Return all the data below as it stands, minus the pictures.

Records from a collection
* * * * * * *
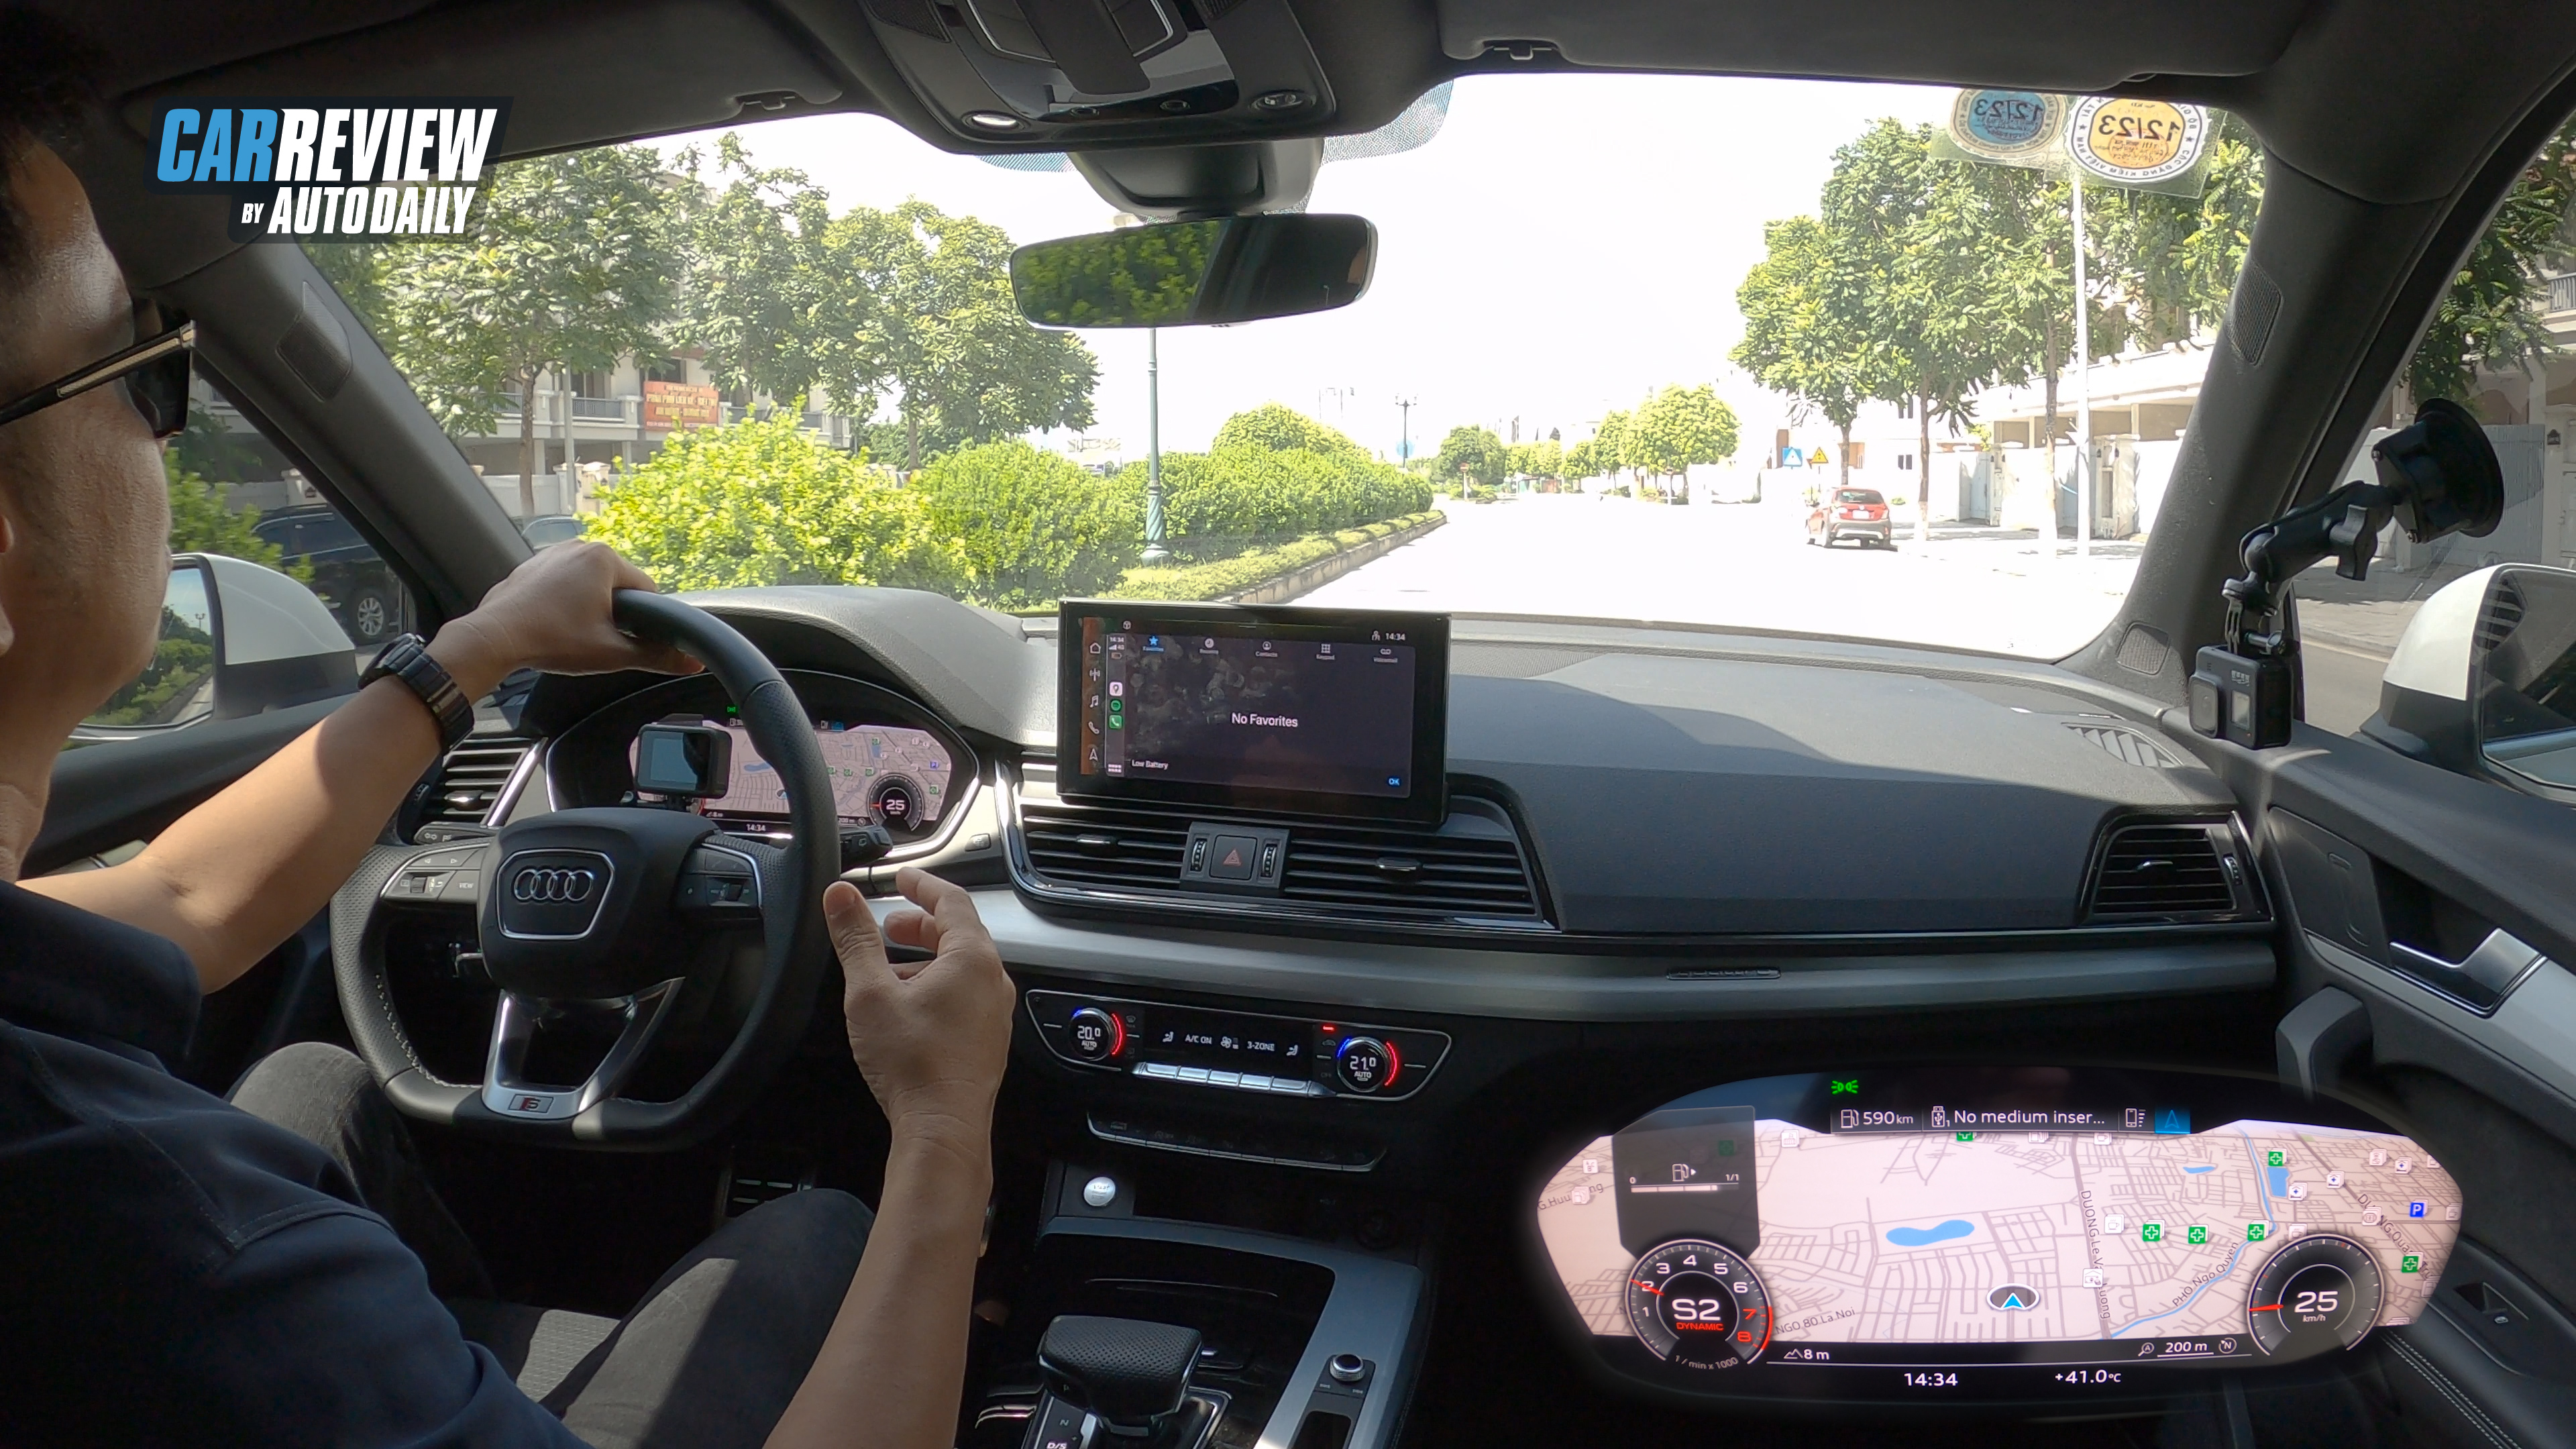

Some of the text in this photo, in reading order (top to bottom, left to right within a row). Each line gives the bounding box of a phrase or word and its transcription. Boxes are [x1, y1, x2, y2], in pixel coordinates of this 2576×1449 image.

[1232, 712, 1298, 729] No Favorites
[1132, 759, 1169, 771] Low Battery
[886, 799, 905, 810] 25
[1185, 1034, 1212, 1044] A/C ON
[1954, 1110, 1977, 1124] No
[1981, 1109, 2048, 1124] medium
[1725, 1173, 1740, 1181] 1/1
[2081, 1190, 2100, 1238] DUONG
[2091, 1240, 2101, 1254] Le
[1682, 1254, 1697, 1266] 4
[1656, 1263, 1670, 1275] 3
[1713, 1263, 1729, 1275] 5
[2171, 1242, 2239, 1307] PHO Ngo Quyen
[1641, 1281, 1655, 1292] 2
[1733, 1281, 1749, 1293] 6
[2294, 1291, 2339, 1313] 25
[1642, 1306, 1650, 1318] 1
[1672, 1298, 1721, 1321] S2
[1742, 1309, 1757, 1320] 7
[1775, 1306, 1856, 1335] NGO 80 La Noi
[2302, 1313, 2326, 1323] km/h
[1676, 1322, 1724, 1331] DYNAMIC
[1737, 1332, 1752, 1342] 8
[2165, 1341, 2208, 1353] 200 m
[1803, 1349, 1830, 1360] 8 m
[1688, 1360, 1707, 1370] min
[1715, 1356, 1739, 1369] 1000
[1904, 1373, 1958, 1387] 14:34
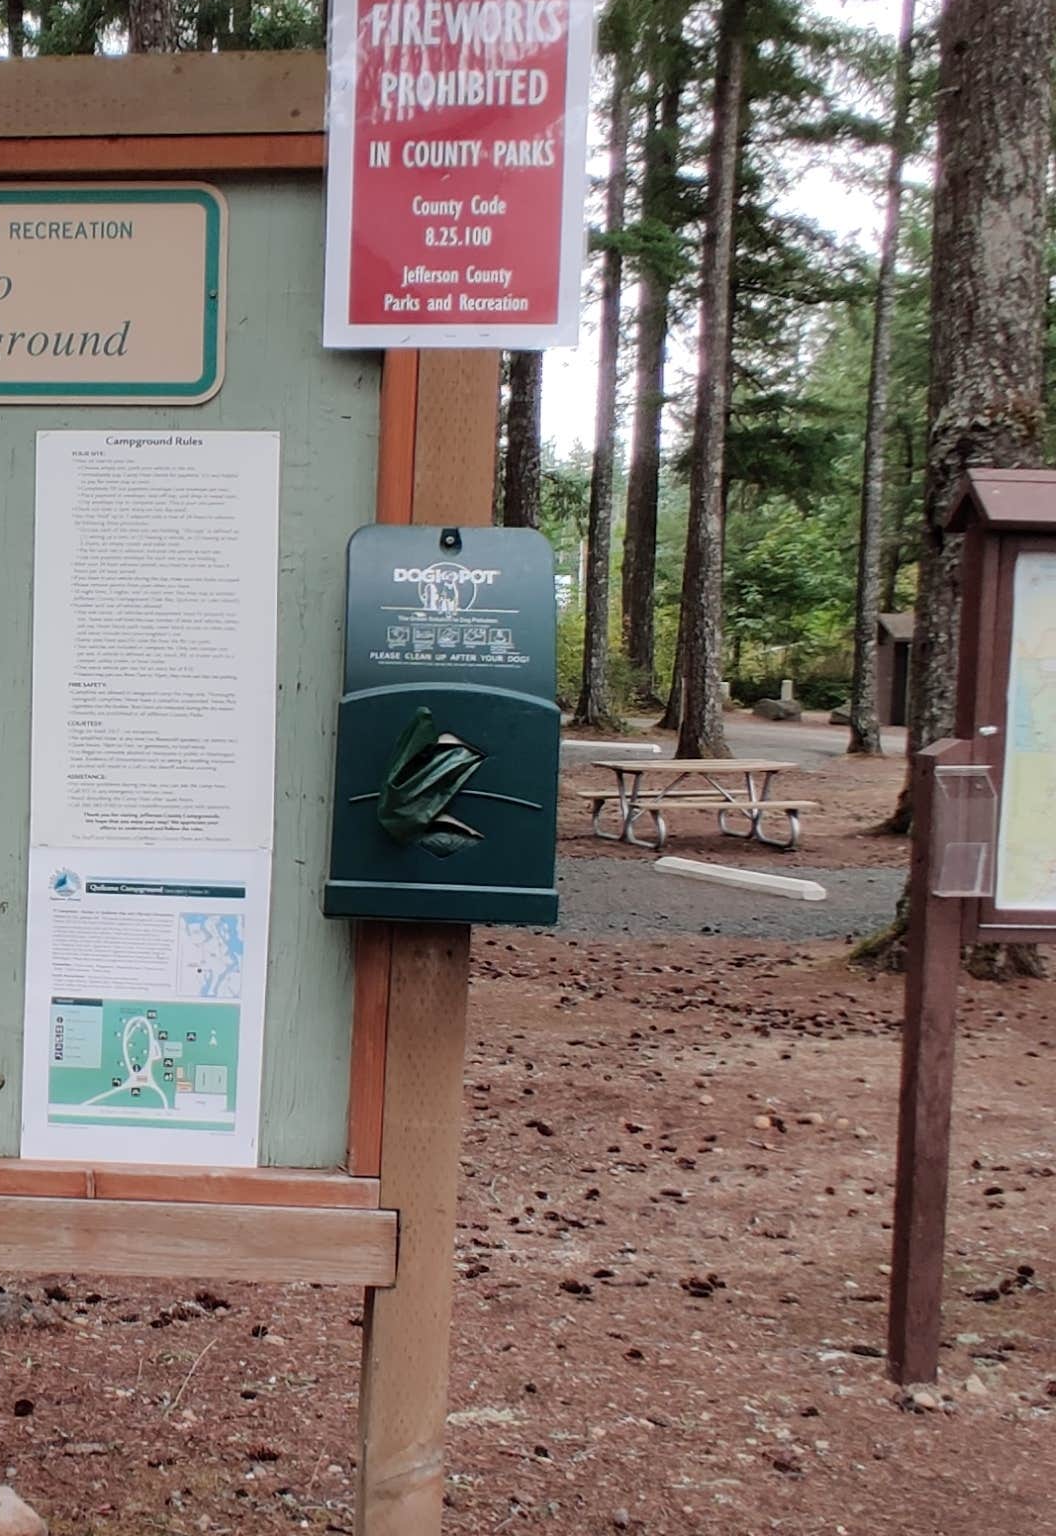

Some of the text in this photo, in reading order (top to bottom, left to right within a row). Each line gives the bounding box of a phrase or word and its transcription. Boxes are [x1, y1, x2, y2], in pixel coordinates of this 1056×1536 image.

[380, 69, 548, 108] PROHIBITED
[369, 138, 555, 168] IN COUNTY PARKS
[412, 195, 506, 219] County Code
[9, 221, 134, 240] RECREATION
[425, 226, 492, 247] 8.25.100
[401, 265, 513, 288] Jefferson County
[384, 293, 529, 312] Parks and Recreation
[105, 435, 204, 448] Campground Rules
* * * * * * *
§ **Answer section**
Some of the text in this photo, in reading order (top to bottom, left to right within a row). Each line gives the bounding box of a phrase or word and its transcription. Boxes are [x1, y1, x2, y2], in pixel coordinates of this 2576×1449 image.

[1232, 712, 1298, 729] No Favorites
[1132, 759, 1169, 771] Low Battery
[886, 799, 905, 810] 25
[1185, 1034, 1212, 1044] A/C ON
[1954, 1110, 1977, 1124] No
[1981, 1109, 2048, 1124] medium
[1725, 1173, 1740, 1181] 1/1
[2081, 1190, 2100, 1238] DUONG
[2091, 1240, 2101, 1254] Le
[1682, 1254, 1697, 1266] 4
[1656, 1263, 1670, 1275] 3
[1713, 1263, 1729, 1275] 5
[2171, 1242, 2239, 1307] PHO Ngo Quyen
[1641, 1281, 1655, 1292] 2
[1733, 1281, 1749, 1293] 6
[2294, 1291, 2339, 1313] 25
[1642, 1306, 1650, 1318] 1
[1672, 1298, 1721, 1321] S2
[1742, 1309, 1757, 1320] 7
[1775, 1306, 1856, 1335] NGO 80 La Noi
[2302, 1313, 2326, 1323] km/h
[1676, 1322, 1724, 1331] DYNAMIC
[1737, 1332, 1752, 1342] 8
[2165, 1341, 2208, 1353] 200 m
[1803, 1349, 1830, 1360] 8 m
[1688, 1360, 1707, 1370] min
[1715, 1356, 1739, 1369] 1000
[1904, 1373, 1958, 1387] 14:34

Some of the text in this photo, in reading order (top to bottom, left to right within a row). Each line gives the bounding box of a phrase or word and its transcription. Boxes are [x1, y1, x2, y2], in pixel coordinates of this 1056×1536 image.

[380, 69, 548, 108] PROHIBITED
[369, 138, 555, 168] IN COUNTY PARKS
[412, 195, 506, 219] County Code
[9, 221, 134, 240] RECREATION
[425, 226, 492, 247] 8.25.100
[401, 265, 513, 288] Jefferson County
[384, 293, 529, 312] Parks and Recreation
[105, 435, 204, 448] Campground Rules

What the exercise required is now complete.